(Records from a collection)
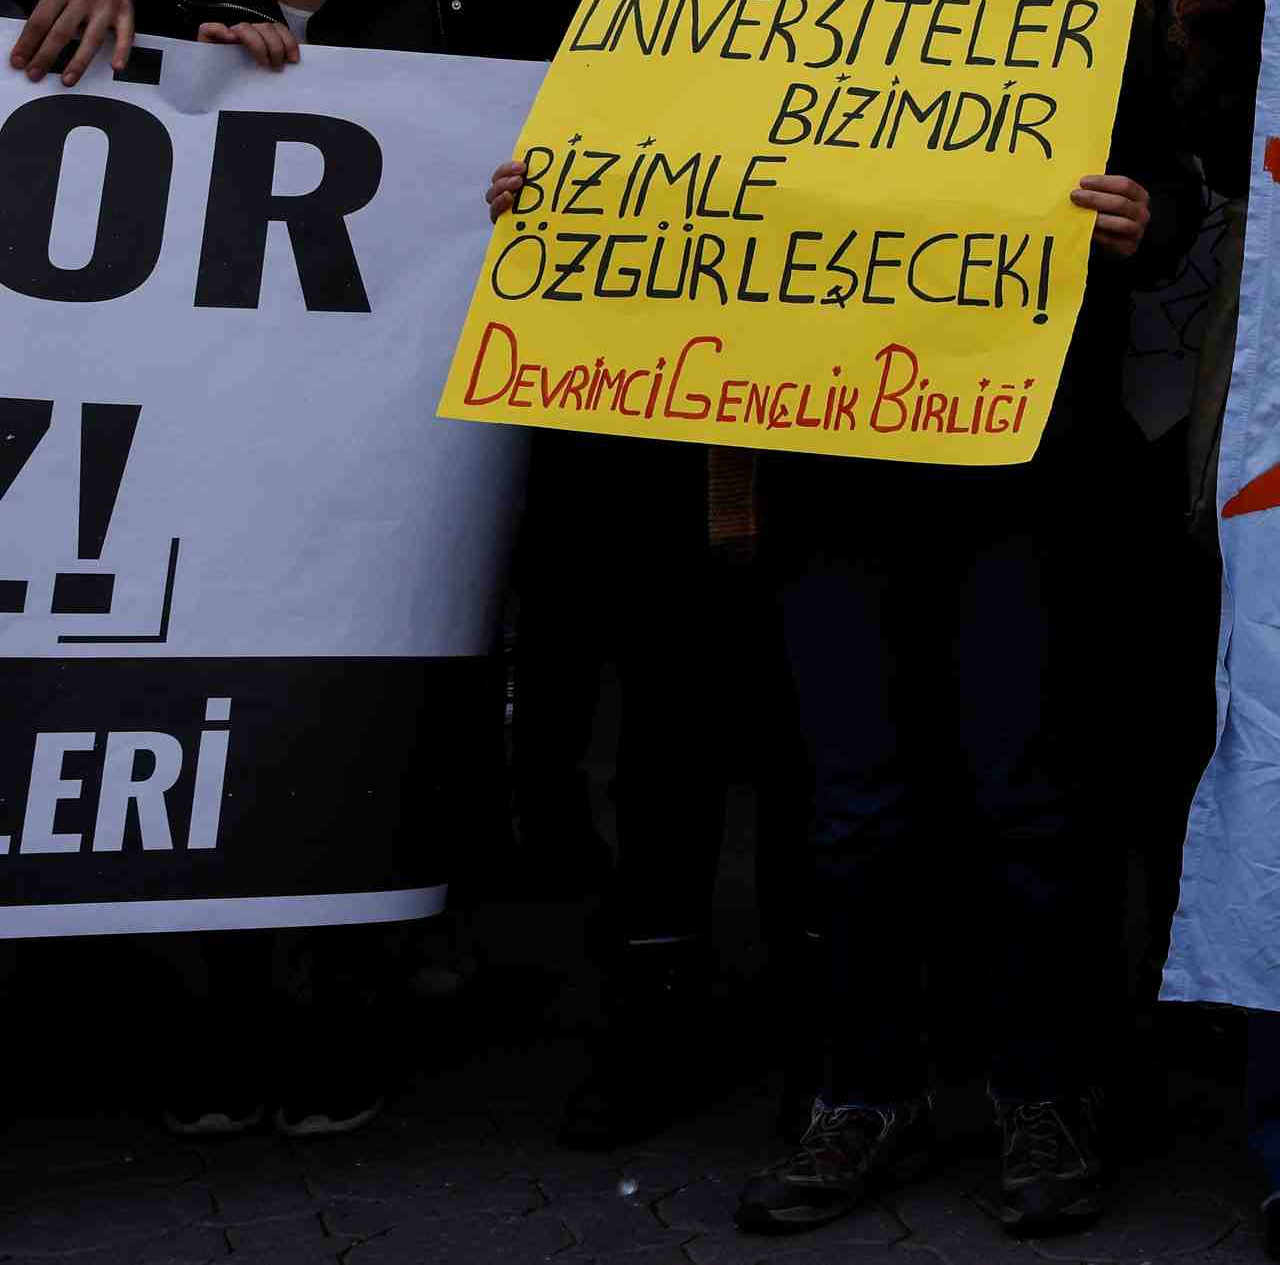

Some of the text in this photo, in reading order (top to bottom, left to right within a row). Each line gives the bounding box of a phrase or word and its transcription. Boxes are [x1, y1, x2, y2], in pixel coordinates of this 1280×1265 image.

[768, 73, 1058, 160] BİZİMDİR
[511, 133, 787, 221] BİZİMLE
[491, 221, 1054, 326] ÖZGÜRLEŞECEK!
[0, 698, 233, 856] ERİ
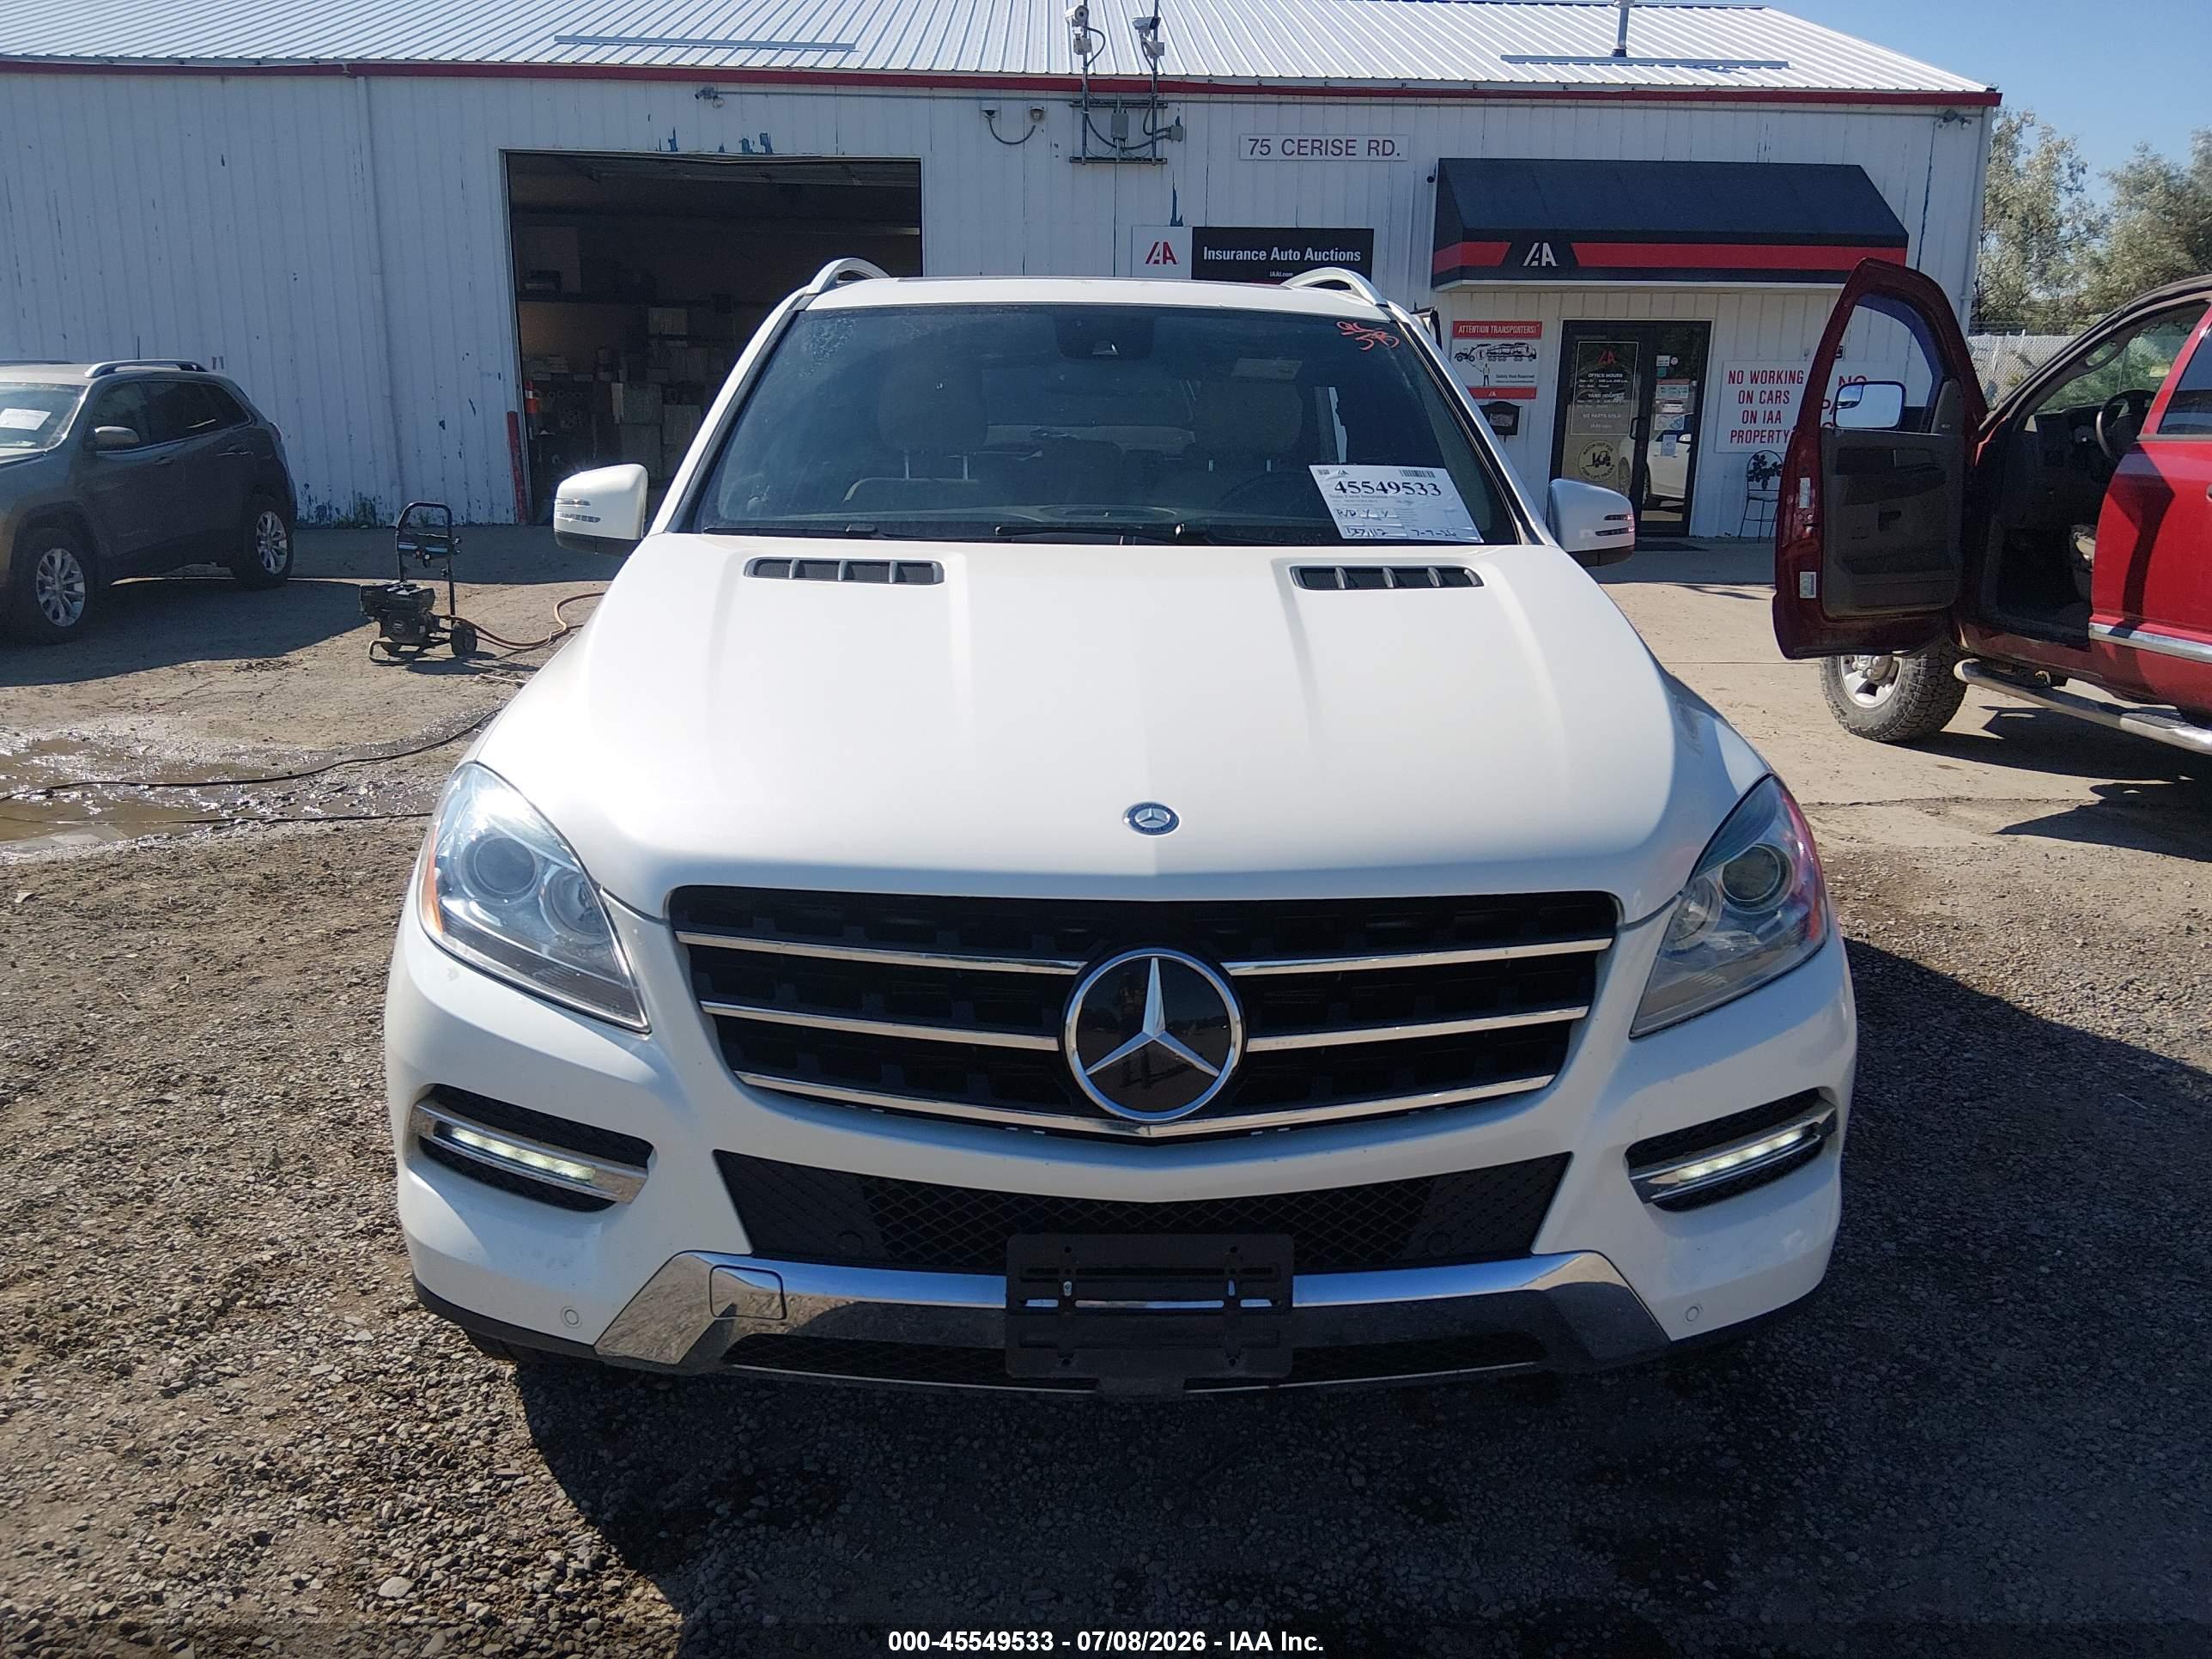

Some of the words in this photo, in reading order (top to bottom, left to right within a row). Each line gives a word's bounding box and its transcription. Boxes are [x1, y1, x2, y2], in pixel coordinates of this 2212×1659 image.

(Exercise):
Verbatim copy without images: write the records above out in full.

(Result below):
Some of the text in this photo, in reading order (top to bottom, left to right within a row). Each line gives the bounding box of a phrase or word and its transcription. Boxes are [x1, y1, x2, y2], in pixel coordinates of this 1280×1265 image.

[768, 73, 1058, 160] BİZİMDİR
[511, 133, 787, 221] BİZİMLE
[491, 221, 1054, 326] ÖZGÜRLEŞECEK!
[0, 698, 233, 856] ERİ

Some of the words in this photo, in reading order (top to bottom, left to right within a row). Each line gives a word's bounding box and its transcription. Boxes are [x1, y1, x2, y2], in pixel coordinates of this 2212×1659 image.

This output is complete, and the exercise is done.